> [TASK TO CARRY OUT] For this exercise, copy exactly the lines below from the one with "this 1087×1047 image." through the one with "this 1000×1000 image." and leave out the pictures.

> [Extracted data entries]
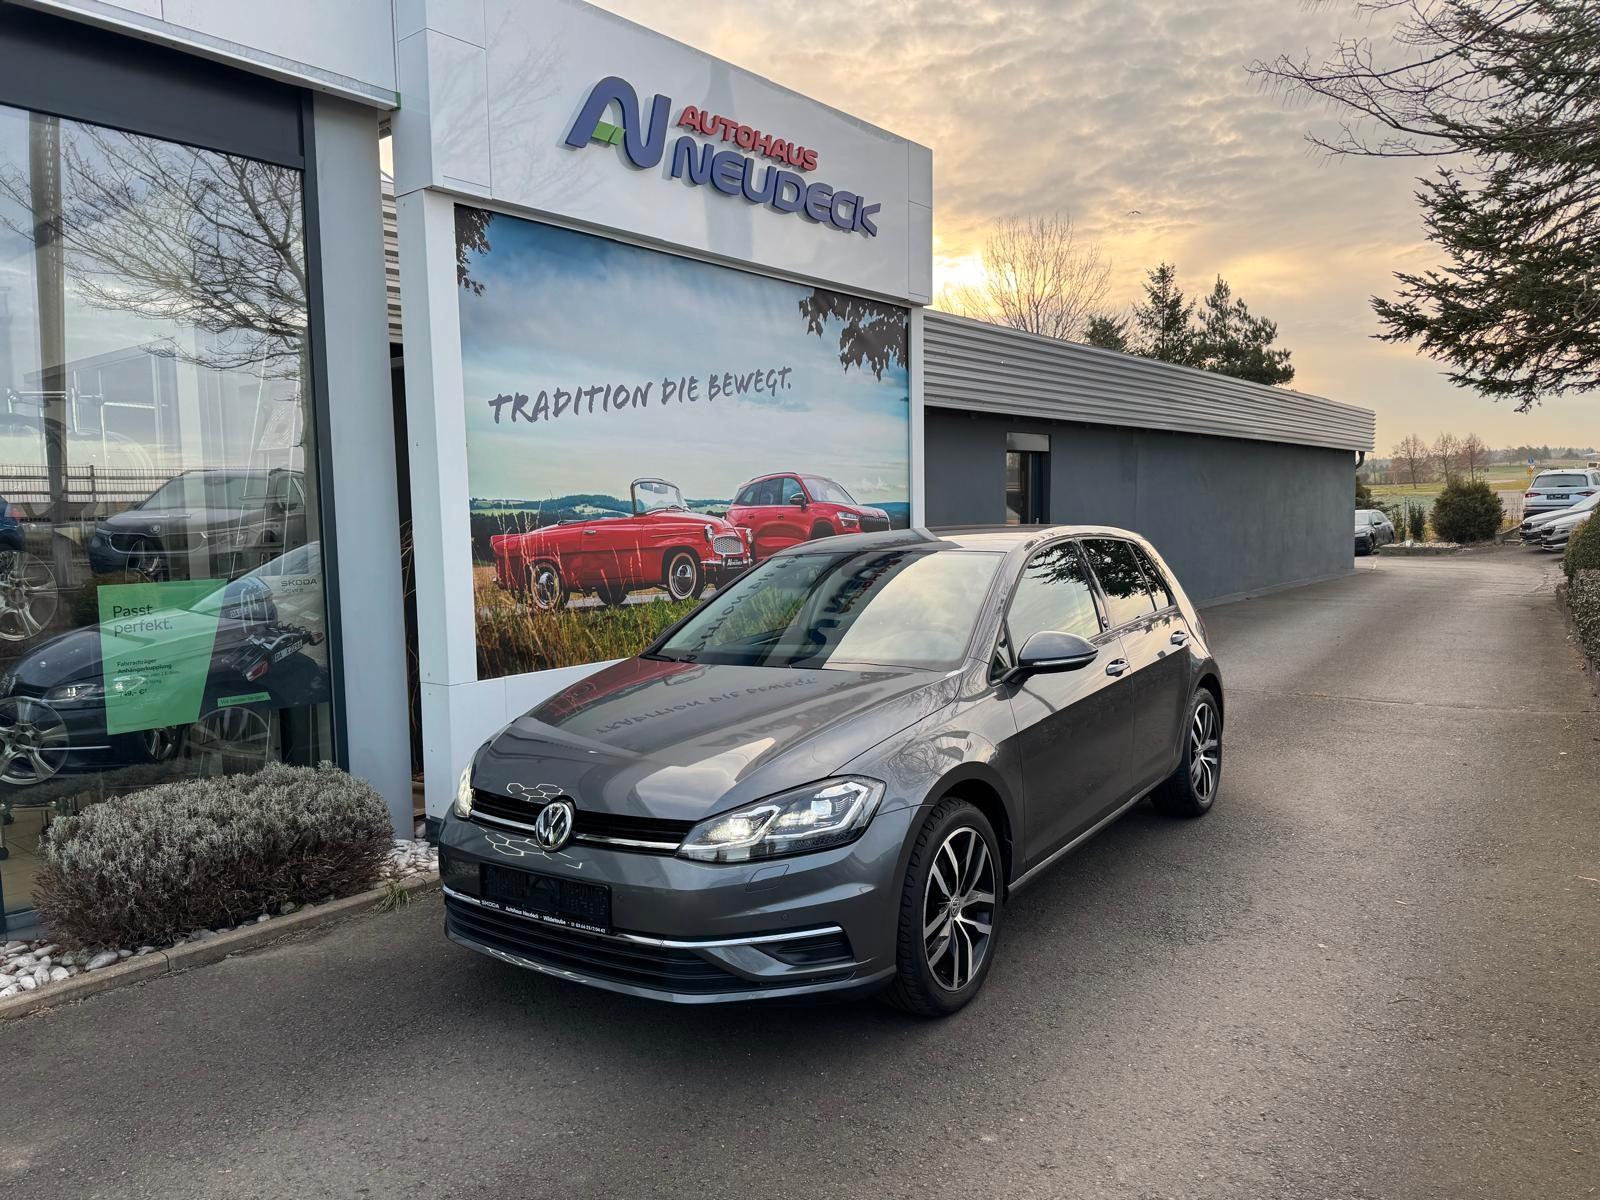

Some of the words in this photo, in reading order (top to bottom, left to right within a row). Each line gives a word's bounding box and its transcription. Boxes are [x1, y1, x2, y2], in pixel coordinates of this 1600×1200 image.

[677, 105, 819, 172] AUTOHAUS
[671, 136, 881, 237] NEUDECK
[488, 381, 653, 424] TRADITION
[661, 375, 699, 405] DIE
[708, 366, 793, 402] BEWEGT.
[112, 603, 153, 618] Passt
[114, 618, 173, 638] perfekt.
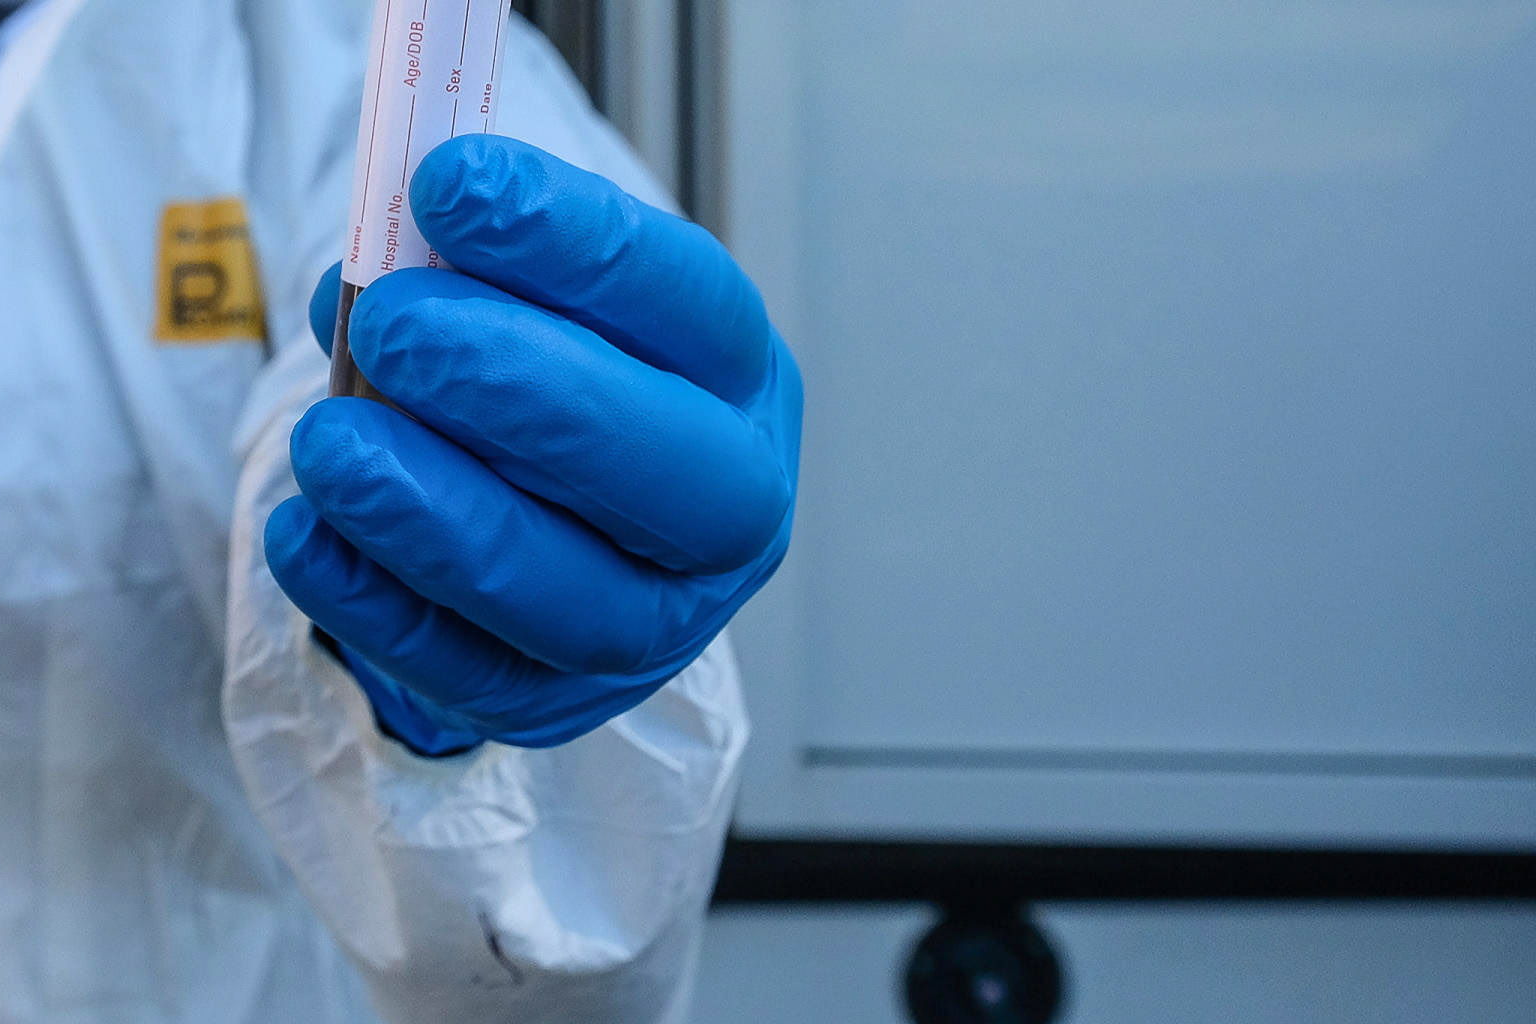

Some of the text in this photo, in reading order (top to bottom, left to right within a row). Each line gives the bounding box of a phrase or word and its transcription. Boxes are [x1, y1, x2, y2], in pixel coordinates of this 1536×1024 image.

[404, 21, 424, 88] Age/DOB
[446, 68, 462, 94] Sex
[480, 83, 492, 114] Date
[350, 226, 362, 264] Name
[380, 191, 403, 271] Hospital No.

--

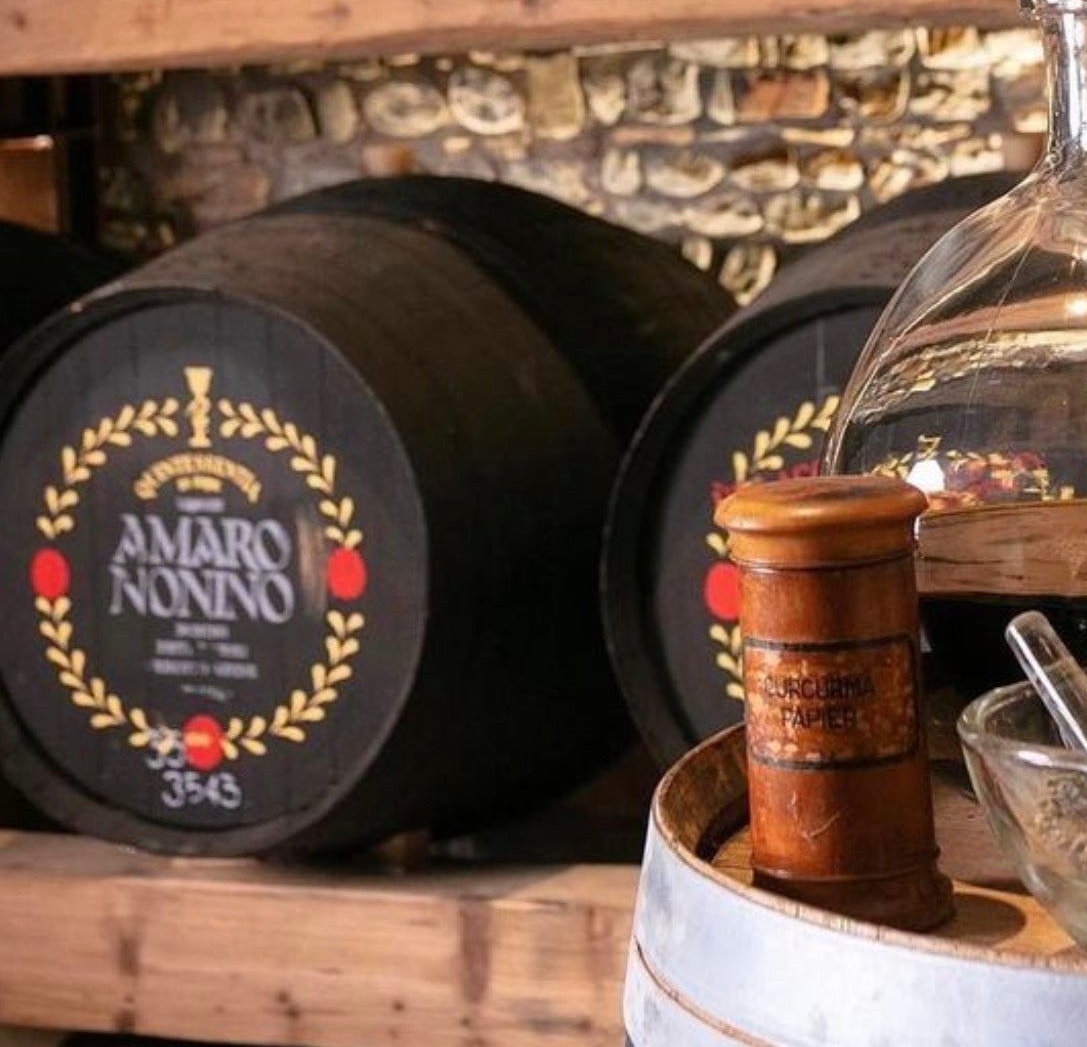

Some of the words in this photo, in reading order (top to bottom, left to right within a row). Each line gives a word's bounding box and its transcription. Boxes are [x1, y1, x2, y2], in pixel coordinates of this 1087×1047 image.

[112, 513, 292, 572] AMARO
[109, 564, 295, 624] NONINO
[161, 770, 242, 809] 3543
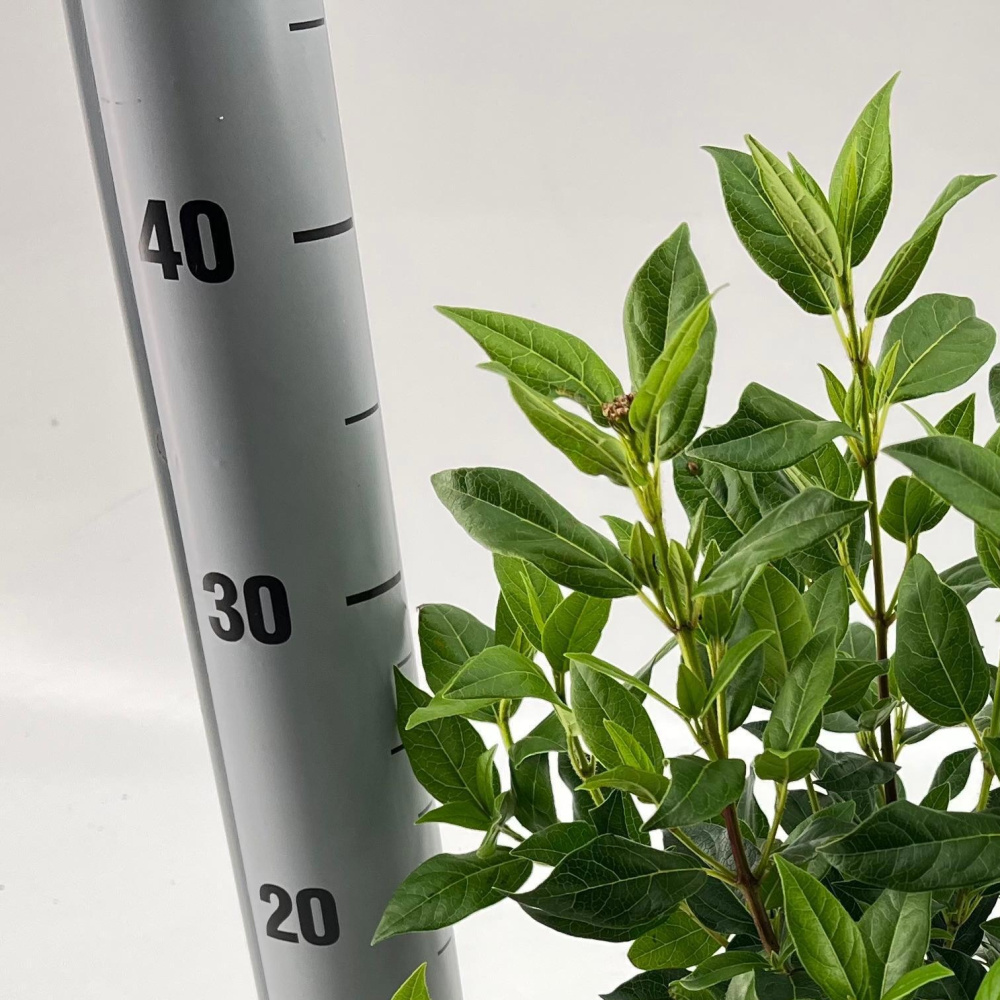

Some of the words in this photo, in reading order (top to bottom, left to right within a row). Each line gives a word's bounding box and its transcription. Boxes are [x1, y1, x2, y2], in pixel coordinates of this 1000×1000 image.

...

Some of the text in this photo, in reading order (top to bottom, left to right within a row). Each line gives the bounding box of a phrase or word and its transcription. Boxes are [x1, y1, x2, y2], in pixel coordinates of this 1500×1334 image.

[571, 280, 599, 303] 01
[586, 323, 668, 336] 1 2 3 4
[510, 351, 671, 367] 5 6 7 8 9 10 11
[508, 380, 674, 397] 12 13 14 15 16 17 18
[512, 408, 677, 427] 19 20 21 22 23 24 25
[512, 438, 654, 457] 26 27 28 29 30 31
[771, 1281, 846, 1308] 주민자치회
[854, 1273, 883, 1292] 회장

> [SOLVED EXERCISE]
Some of the words in this photo, in reading order (top to bottom, left to right within a row). Each line gives a word's bounding box and its transcription. Boxes are [x1, y1, x2, y2], in pixel coordinates of this 1087×1047 image.

[112, 513, 292, 572] AMARO
[109, 564, 295, 624] NONINO
[161, 770, 242, 809] 3543

Some of the words in this photo, in reading order (top to bottom, left to right within a row). Each line gives a word's bounding box and its transcription. Boxes are [x1, y1, x2, y2], in pixel coordinates of this 1000×1000 image.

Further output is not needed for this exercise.